I have A Large dataset (> 62 GiB) after processing saved as two NumPy.memmap arrays one of the data and the other for the labels the dataset has these shapes (7390,60,224,224,3) , and (7390) and is NOT shuffled so i need to shuffle it first.
now i use tensorflow2 and used this code with my generator to manage memmap arrays before
def my_generator():
for i in range(len(numpy_array)):
yield numpy_array[i,:,:,:,:],np.array(labels[i]).reshape(1)
full_dataset = tf.data.Dataset.from_generator(
generator=my_generator,
output_types=(np.uint8,np.int32),
output_shapes=((60,224,224,3),(1))
)
full_dataset = full_dataset.shuffle(SHUFFLE_BUFFER_SIZE, reshuffle_each_iteration=False)
train_dataset = full_dataset.take(train_size)
test_dataset = full_dataset.skip(train_size)
val_dataset = test_dataset.skip(test_size)
test_dataset = test_dataset.take(test_size)
That way i can train without loading to memory the entire dataset with shuffling and batching.
Now with this current model and dataset the vram is not enogh for more than 2 batches to be loaded as tensors. and i can't train with batchsize of 2.
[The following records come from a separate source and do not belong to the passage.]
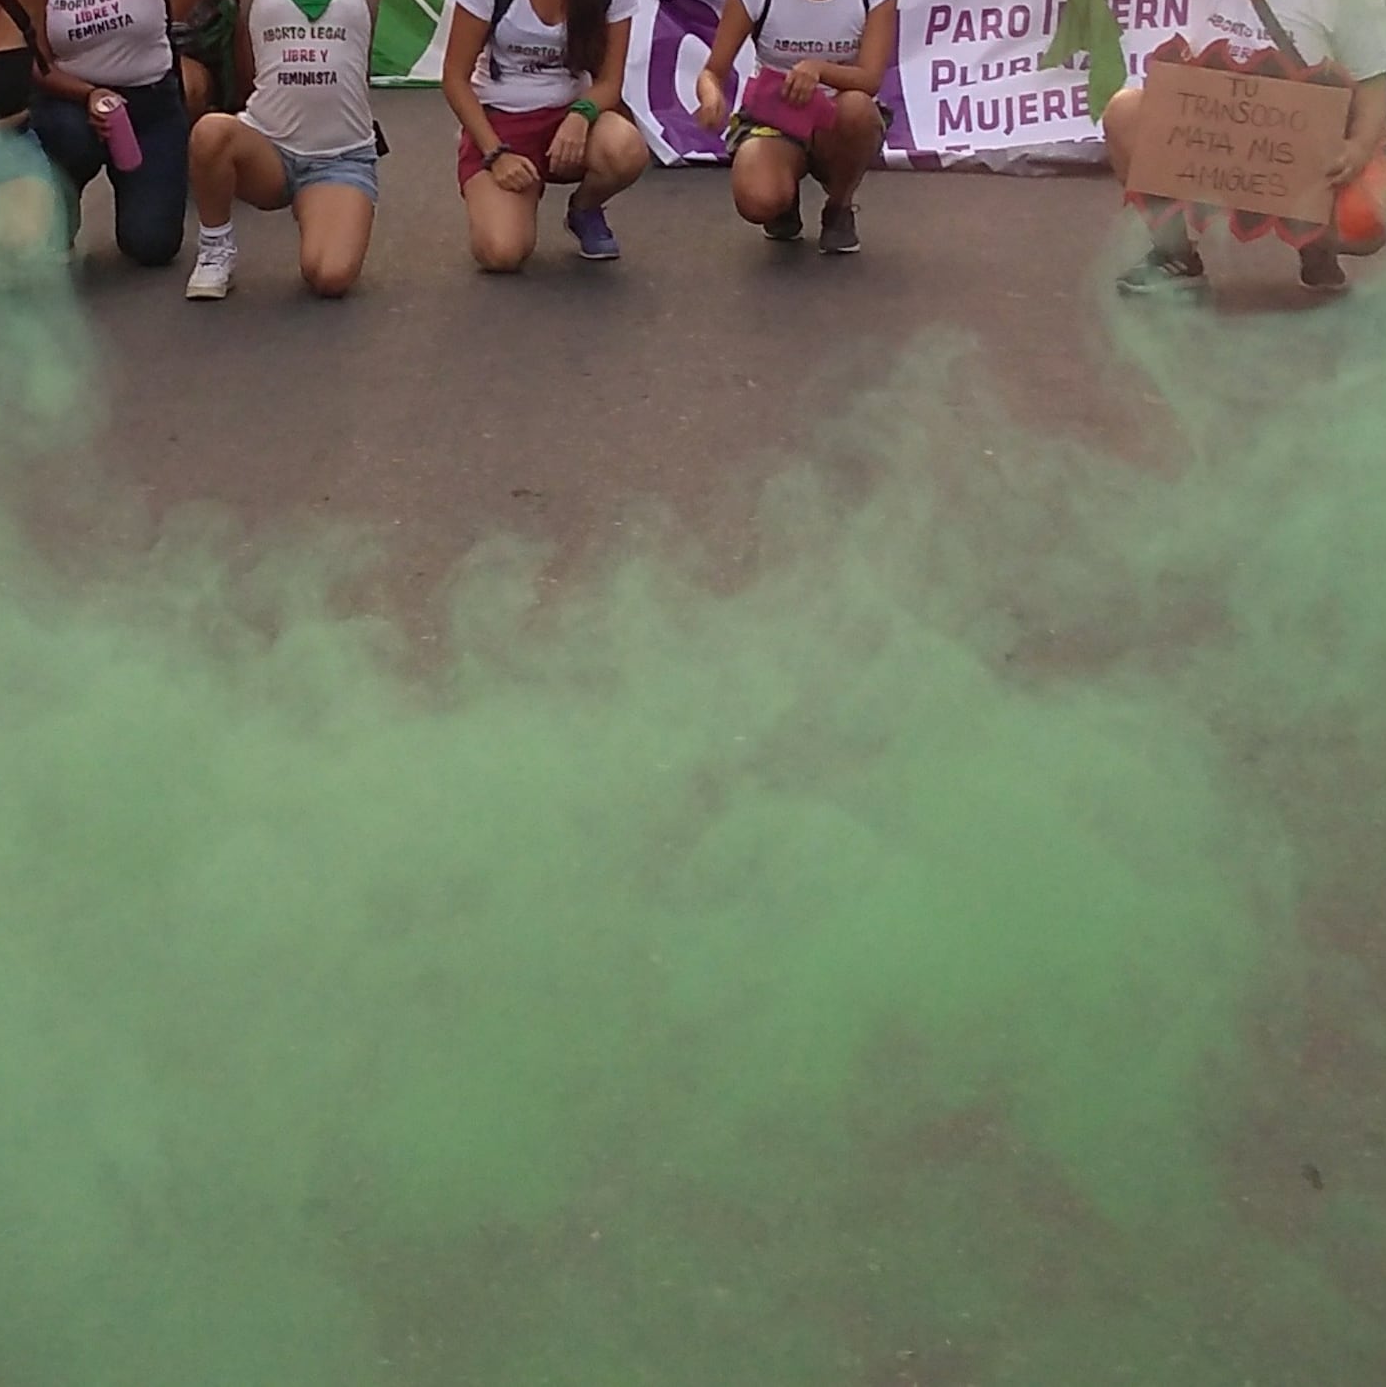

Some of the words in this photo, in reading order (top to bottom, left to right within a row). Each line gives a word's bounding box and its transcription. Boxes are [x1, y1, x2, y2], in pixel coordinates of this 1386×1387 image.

[75, 7, 109, 25] LIBRE
[111, 2, 120, 15] Y
[925, 4, 1031, 45] PARO
[67, 14, 134, 41] FEMINISTA
[263, 27, 306, 43] ABORTO
[311, 26, 347, 41] LEGAL
[282, 49, 316, 62] LIBRE
[320, 49, 329, 62] Y
[774, 39, 824, 53] ABORTO
[277, 71, 338, 86] FEMINISTA
[1227, 77, 1259, 98] TU
[1176, 92, 1308, 132] TRANSODIO
[1167, 125, 1235, 156] MATA
[1248, 137, 1295, 165] MIS
[1175, 164, 1288, 198] AMIGUES
i thought of gradient accumulation but i couldn't do it with TF2 and i found it easy with pytorch but i can't find how to deal with the memmap arrays with shuffle and split as in tensorflow with generators.
so i need to know how to load the datset from pytorch with the same shuffling and batching in pytorch.
Or if someone has a readymade code for GA on TF2
I will just address the shuffle question.
Instead of shuffling with tf.data.Dataset, do it at the generator level. This should work:
class Generator(object):
def __init__(self, images, labels, batch_size):
self.images = images
self.labels = labels
self.batch_size = batch_size
self.idxs = np.arange(len(self.images))
self.on_epoch_end()
def on_epoch_end(self):
# Shuffle the indices
np.random.shuffle(self.idxs)
def generator(self):
i = 0
while i < len(self.idxs):
idx = self.idxs[i]
yield (self.images[idx], self.labels[i])
i += 1
self.on_epoch_end()
def batch_generator(self):
it = iter(self.generator)
while True:
vals = [next(it) for i in range(self.batch_size)]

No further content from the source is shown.